Vingt kilogrammes de laine brute donnaient 14 kg de laine filée. Entre ces deux états, les monstres d’acier de la filature avaient procédé au louvetage, à l’alignement, au filage et à l’assemblage. Le loup ou batteur faisait tomber cailloux et poussières. Les trois cardes donnaient chacune une forme différente à la matière : couverture, ruban ou fil de 3 mm de diamètre. Avec ses allers-retours incessants, le renvideur filait. La retordeuse assemblait 3 ou 4 fils ensemble. Une autre machine réalisait les écheveaux de 100g ou 50 g.
Dans la pénombre de l’atelier installé jadis au bord du Thiou pour bénéficier de l’énergie hydraulique, ces belles mécaniques, pieusement entretenues depuis qu’elles ont été plongées dans le silence, constituent à n’en pas douter un patrimoine unique en son genre qui est resté « dans son jus ». Le jus risque cependant de tourner au vinaigre si rien n’est fait rapidement pour reloger ces pièces dans un endroit sûr.
« Cela fait des années que nous cherchons une solution pour leur trouver un nouveau toit, explique Jean-Paul Pallud, président de l’association Filature Pallud. Nous nous sommes fixé la fin de 2023 pour y arriver. » Installée sur un terrain classé en zone rouge par le Plan de prévention des risques, elle ne peut en aucun cas être confortée ici. « Il faudrait un local de 400 à 500 mètres carrés, si possible de plain-pied », précise-t-il. Le renvideur, pièce maîtresse de la filature, affiche en effet des mensurations impressionnantes avec ses 15 mètres de long !
Après plusieurs projets de relogement avortés, les héritiers Pallud sont désormais ouverts à toute relocalisation, y compris en dehors de la région. « Ce qui nous importe, disent-ils, c’est que ce patrimoine reste en état et vive. » Ils s’engagent d’ailleurs à faire don des machines si un projet sérieux se présente. Et seront présents, tout au moins au début, pour donner un coup de main au redémarrage. « Nous sommes les deux seuls à savoir comment ça marche et nous ne rajeunissons pas… c’est en cela également qu’il y a urgence », glisse le septuagénaire.
Défrise ton mouton veut carder local
L’association Filature Pallud s’est rapprochée de Défrise ton mouton, dont l’objectif est de récolter et valoriser la laine des Savoie des moutons de race Thônes et Marthod. Auparavant jetée par les éleveurs qui ne bénéficiaient d’aucun débouché, la laine est désormais récupérée puis vendue à des feutriers-(res). 200 kilos ont ainsi été récupérés par l’association Défrise en 2021 et 500 kg en 2022, auprès de six éleveurs. Mais les bénévoles doivent aller jusqu’en Ariège, à Niaux, pour le cardage. Le rêve des deux associations est donc de mettre leurs compétences en commun pour trouver un lieu d’accueil de ces machines, les réanimer et faire profiter le public de ce savoir-faire ancestral.

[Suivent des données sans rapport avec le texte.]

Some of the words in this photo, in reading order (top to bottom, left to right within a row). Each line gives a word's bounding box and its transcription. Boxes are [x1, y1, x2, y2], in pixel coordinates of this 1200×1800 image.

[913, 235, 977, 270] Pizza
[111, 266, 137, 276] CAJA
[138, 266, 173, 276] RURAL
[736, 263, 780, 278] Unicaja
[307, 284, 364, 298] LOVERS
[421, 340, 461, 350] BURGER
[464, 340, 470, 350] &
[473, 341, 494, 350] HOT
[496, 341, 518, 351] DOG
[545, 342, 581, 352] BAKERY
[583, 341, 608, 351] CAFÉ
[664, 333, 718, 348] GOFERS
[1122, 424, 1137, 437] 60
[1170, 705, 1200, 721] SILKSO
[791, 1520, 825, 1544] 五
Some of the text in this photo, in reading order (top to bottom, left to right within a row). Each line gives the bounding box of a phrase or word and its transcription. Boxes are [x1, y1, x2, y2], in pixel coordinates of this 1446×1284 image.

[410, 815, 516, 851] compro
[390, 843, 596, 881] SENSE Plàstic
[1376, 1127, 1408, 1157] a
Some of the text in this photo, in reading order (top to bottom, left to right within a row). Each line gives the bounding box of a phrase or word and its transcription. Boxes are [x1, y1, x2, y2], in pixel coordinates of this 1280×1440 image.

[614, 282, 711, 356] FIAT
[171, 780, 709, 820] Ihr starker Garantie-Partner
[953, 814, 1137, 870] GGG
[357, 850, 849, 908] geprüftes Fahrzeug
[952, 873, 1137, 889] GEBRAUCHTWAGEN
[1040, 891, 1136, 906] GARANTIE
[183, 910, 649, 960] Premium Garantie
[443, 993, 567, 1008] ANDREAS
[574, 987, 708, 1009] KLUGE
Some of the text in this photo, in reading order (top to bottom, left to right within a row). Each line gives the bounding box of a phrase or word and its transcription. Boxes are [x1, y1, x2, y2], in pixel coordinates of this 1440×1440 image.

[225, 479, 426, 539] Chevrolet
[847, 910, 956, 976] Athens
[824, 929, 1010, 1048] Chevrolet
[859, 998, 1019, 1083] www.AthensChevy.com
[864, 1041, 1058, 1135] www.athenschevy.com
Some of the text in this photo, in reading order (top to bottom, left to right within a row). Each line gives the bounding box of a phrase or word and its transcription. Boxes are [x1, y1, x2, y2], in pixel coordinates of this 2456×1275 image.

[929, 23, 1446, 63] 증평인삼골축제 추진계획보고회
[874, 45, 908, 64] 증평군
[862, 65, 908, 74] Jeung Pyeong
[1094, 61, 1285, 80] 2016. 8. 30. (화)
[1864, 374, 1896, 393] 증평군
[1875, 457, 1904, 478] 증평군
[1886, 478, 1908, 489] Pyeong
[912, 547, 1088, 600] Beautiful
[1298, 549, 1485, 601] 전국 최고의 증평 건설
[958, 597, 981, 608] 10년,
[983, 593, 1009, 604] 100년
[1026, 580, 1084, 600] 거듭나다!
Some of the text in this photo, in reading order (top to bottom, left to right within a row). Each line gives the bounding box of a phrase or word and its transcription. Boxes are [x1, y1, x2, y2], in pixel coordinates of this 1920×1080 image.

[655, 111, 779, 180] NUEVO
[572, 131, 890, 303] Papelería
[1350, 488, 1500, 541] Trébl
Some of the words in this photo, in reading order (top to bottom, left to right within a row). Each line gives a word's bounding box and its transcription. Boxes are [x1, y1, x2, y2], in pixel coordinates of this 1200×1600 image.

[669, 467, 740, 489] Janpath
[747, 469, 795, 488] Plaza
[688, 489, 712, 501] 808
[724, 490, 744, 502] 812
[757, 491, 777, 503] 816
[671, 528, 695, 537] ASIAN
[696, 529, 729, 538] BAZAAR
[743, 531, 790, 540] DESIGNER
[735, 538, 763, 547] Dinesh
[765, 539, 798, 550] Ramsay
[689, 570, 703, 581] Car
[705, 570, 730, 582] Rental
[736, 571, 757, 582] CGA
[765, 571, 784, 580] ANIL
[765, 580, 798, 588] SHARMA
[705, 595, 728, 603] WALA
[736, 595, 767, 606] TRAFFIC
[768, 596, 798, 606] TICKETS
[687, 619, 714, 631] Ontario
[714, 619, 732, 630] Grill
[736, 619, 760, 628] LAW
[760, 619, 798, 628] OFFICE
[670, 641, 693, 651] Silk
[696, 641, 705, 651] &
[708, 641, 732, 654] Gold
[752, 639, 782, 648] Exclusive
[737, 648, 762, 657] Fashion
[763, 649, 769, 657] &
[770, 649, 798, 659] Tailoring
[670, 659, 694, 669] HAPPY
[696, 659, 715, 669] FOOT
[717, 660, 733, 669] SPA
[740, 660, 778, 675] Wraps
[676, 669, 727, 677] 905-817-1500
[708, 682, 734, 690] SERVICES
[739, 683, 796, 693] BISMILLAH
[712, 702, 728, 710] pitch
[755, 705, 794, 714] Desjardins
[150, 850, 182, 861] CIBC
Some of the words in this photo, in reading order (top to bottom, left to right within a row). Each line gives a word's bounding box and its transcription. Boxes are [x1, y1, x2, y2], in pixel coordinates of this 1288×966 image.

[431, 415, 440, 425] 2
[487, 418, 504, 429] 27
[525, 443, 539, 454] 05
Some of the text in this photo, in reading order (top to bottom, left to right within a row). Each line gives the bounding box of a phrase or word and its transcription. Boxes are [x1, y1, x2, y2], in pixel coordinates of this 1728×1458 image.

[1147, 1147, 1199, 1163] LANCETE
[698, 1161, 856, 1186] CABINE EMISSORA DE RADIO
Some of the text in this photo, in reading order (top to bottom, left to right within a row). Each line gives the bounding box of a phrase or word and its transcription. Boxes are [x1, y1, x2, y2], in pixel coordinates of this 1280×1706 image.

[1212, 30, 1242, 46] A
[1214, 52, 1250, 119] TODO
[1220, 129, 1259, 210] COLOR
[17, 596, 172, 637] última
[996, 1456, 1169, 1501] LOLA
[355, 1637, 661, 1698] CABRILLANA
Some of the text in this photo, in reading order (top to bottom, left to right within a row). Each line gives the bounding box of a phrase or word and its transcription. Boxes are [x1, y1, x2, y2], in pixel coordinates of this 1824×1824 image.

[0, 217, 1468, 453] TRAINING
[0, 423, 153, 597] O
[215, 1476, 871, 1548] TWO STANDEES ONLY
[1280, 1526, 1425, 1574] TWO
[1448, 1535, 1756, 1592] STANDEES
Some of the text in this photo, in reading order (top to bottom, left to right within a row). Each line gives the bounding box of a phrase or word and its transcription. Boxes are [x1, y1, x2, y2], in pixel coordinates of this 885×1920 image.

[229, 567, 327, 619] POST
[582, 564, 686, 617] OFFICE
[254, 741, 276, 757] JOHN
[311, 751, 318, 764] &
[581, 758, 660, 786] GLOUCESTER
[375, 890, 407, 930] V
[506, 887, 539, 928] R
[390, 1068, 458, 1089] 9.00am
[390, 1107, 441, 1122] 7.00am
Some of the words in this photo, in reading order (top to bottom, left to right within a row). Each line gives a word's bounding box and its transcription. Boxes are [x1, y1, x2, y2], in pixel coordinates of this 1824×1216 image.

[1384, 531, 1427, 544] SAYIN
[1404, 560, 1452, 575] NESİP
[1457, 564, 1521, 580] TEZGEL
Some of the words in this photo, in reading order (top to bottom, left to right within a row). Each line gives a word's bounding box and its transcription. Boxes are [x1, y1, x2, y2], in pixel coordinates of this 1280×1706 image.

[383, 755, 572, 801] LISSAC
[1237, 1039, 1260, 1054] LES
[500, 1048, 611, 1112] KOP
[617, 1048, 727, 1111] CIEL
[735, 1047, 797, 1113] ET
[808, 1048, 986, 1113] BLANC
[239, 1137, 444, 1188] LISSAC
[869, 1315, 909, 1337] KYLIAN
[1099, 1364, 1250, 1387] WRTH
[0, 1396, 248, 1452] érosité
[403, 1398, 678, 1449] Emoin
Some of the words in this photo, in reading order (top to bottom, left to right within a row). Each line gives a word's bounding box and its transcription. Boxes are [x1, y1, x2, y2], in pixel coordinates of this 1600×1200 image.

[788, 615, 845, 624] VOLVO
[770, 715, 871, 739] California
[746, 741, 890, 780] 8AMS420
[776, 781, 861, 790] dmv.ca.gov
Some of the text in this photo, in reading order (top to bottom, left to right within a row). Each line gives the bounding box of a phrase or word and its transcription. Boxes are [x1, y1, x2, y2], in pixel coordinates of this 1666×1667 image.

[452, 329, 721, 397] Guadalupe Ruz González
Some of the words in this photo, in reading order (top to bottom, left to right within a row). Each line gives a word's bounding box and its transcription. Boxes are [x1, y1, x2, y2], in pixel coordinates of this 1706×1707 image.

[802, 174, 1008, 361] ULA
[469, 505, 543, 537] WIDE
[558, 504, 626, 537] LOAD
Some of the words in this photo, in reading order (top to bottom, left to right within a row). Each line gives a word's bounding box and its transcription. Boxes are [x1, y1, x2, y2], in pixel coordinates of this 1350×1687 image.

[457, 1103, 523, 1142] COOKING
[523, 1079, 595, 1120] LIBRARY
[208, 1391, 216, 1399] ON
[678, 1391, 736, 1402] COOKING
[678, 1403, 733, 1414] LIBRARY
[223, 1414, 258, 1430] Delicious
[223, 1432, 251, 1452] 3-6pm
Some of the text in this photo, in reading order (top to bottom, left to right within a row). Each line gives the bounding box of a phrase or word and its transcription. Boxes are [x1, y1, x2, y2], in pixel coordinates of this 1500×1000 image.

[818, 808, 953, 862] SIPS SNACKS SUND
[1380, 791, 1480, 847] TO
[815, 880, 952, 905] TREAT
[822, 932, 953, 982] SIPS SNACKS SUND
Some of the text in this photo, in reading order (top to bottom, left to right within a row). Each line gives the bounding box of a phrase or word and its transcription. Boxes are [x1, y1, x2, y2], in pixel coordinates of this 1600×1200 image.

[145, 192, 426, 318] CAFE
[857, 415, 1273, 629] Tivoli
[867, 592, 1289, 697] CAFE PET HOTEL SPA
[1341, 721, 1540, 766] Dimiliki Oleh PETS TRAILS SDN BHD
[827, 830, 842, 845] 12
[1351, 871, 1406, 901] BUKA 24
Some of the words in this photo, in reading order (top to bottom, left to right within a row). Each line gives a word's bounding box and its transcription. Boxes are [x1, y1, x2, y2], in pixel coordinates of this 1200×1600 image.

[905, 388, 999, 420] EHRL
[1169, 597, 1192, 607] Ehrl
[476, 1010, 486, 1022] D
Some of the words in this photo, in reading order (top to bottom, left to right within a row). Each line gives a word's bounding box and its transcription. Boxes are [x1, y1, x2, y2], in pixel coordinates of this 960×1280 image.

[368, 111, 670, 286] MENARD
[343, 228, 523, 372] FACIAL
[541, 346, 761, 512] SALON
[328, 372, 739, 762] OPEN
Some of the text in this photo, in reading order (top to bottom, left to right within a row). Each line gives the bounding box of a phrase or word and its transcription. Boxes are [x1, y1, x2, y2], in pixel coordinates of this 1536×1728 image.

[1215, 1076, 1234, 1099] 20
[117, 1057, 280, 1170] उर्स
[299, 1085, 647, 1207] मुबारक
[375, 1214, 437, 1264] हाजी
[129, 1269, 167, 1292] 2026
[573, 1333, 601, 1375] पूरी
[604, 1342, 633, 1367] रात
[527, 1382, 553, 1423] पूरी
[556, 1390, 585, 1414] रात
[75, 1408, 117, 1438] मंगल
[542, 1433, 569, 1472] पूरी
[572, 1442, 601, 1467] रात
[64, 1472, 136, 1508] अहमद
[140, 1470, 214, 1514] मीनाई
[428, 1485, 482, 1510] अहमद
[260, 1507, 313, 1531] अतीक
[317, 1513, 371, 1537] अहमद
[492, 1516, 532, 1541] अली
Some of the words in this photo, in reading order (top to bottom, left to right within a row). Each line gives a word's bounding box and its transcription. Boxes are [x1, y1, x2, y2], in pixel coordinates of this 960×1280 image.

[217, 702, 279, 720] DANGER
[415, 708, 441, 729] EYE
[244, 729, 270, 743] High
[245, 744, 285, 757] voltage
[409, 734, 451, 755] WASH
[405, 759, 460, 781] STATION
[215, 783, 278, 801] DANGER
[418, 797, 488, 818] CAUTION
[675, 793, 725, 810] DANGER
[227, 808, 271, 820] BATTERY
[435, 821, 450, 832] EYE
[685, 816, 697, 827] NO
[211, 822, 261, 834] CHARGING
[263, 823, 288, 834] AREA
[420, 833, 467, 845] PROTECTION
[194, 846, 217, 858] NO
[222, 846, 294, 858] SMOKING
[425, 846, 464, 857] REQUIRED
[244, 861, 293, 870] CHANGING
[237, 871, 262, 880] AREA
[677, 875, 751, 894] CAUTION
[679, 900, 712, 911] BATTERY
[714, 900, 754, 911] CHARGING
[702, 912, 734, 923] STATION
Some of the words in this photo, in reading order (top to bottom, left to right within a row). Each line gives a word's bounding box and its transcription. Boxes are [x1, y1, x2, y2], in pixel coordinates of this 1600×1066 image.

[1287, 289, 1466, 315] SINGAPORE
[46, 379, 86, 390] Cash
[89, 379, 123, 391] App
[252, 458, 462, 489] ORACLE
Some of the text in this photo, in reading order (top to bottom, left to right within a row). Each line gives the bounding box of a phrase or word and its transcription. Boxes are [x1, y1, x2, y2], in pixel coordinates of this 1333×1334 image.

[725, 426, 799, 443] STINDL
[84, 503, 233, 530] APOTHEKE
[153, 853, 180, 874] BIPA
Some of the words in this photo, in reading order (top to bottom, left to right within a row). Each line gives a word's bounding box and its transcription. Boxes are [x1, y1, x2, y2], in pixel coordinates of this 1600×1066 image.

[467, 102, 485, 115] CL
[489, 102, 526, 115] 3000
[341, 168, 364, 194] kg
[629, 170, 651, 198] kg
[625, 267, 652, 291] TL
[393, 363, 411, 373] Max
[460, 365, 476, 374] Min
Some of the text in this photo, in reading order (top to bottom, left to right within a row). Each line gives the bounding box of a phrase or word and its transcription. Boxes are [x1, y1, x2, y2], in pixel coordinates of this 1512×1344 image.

Pour y parvenir, une pétition circule sur Facebook (www.facebook.com/defrisetonmouton) et a déjà récolté plus de 1 000 signatures.
Bonjour,
Je trouve votre « combat » incroyable et j’aurais tellement envie de vous aider à conserver ce patrimoine.
Je ne peux pas signer votre pétition car je ne suis pas sur Facebook.
Y a t’il un autre moyen de vous soutenir ?
J’ai trouvé votre article en cherchant de la laine produite en Haute Savoie pour un marché artisanal que nous organisons sur la commune de Villy le Bouveret (74350), lors d’une journée de Combat de vache Hérens. C’est le 23 avril prochain. Si vous avez des documents que je pourrais distribuer ce jour là pour sensibiliser la population je le ferais avec plaisir.